Es menos aventurado suponer que la
primera desgarradura por donde el pensamiento del afuera se abre paso hacia
nosotros, es, paradójicamente, en el monólogo insistente de Sade. En la época
de Kant y de Hegel, en un momento en que la interiorización de la ley de la
historia y del mundo era imperiosamente requerida por la ciencia occidental
como sin duda nunca lo había sido antes, Sade no deja que hable, como ley sin
ley del mundo, más que la desnudez del deseo. Es por la misma época cuando en
la poesía de Hölderlin se manifestaba la ausencia resplandeciente de los dioses
y se enunciaba como una ley nueva la obligación de esperar, sin duda hasta el
infinito, la enigmática ayuda que proviene de la “ausencia de Dios”. ¿Podría
decirse sin exagerar que en el mismo momento, uno por haber puesto al desnudo
al deseo en el murmullo infinito del discurso, y el otro por haber descubierto
el subterfugio de los dioses en el defecto de un lenguaje en vías de perderse,
Sade y Hölderlin han depositado en nuestro pensamiento, para el siglo venidero,
aunque en cierta manera cifrada, la experiencia del afuera? Experiencia que
debió permanecer entonces no exactamente enterrada, pues no había penetra-do
todavía en el espesor de nuestra cultura, sino flotante, extraña, como exterior
a nuestra interioridad, durante todo el tiempo en que se estaba formulando, de
la manera más imperiosa, la exigencia de interiorizar el mundo, de suprimir las
alienaciones, de rebasar el falaz momento de la Ent‐äusserung, de humanizar la naturaleza, de naturalizar al hombre y de recuperar en la
tierra los tesoros que se había dilapidado en los cielos.

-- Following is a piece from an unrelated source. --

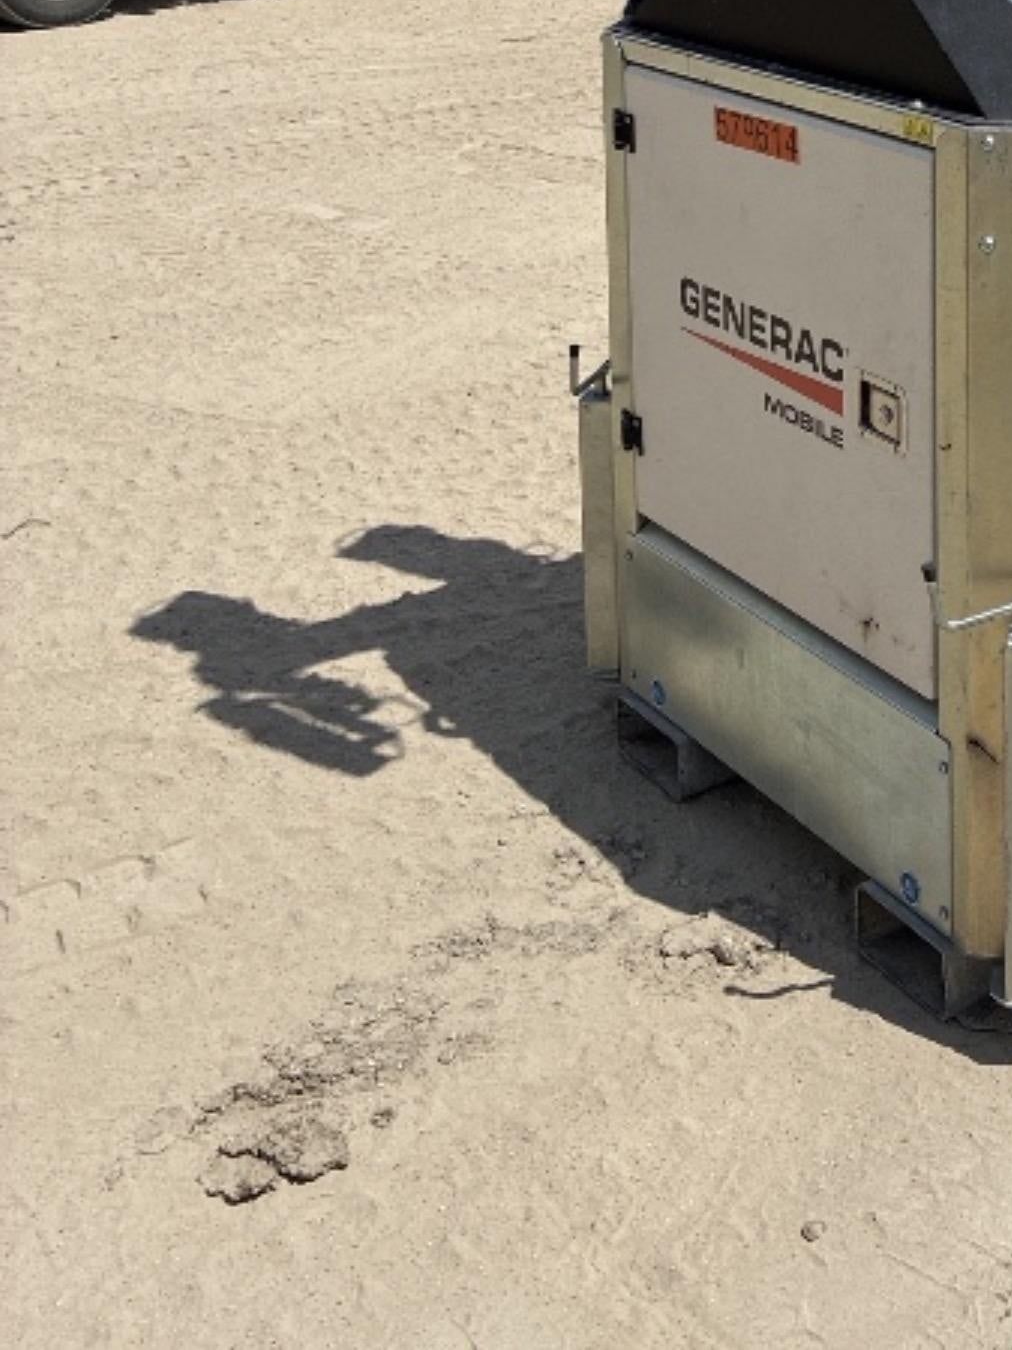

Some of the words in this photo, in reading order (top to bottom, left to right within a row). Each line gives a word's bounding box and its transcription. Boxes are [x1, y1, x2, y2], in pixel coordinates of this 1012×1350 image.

Así pues, fue esta experiencia la que
reapareció en la segunda mitad del siglo XIX y en el seno mismo del lenguaje,
convertido, a pesar de que nuestra cultura trata siempre de reflejarse en él
como si detentara el secreto de su interioridad, en el destello mismo del
afuera: en Nietzsche cuando descubre que toda la metafísica de Occidente está
ligada no solamente a su gramática (cosa que ya se adivinaba en líneas
generales desde Schiegel), sino a aquellos que, apropiándose del discurso,
detentan el derecho a la palabra; en Mallarmé cuando el lenguaje aparece como
el ocio de aquello que nombra, pero más aún —desde Igitur hasta la
teatralidad autónoma y aleatoria del Libro— como el movimiento en el que
desaparece aquel que habla; en Artaud, cuando todo el lenguaje discursivo está
llamado a desatarse en la violencia del cuerpo y del grito, y que el
pensamiento, abandonando la interioridad salmodiante de la conciencia, deviene
energía material, sufrimiento de la carne, persecución y desgarramiento del
sujeto mismo; en Bataille, cuando el pensamiento, en lugar de ser discurso de
la contradicción o del inconsciente, deviene discurso del límite, de la
subjetividad quebrantada, de la transgresión; en Klossowski, con la experiencia
del doble, de la exterioridad de los simulacros, de la multiplicación teatral y
demente del Yo.
De este pensamiento, Blanchot tal vez
no sea solamente uno más de sus testigos. Cuanto más se retire en la
manifestación de su obra, cuanto más esté, no ya oculto por sus textos, sino
ausente de su existencia y ausente por la fuerza maravillosa de su existencia,
tanto más representa para nosotros este pensamiento mismo —la presencia real,
absolutamente lejana, centelleante, invisible, la suerte necesaria, la ley
inevitable, el vigor tranquilo, infinito, mesurado de este pensamiento mismo.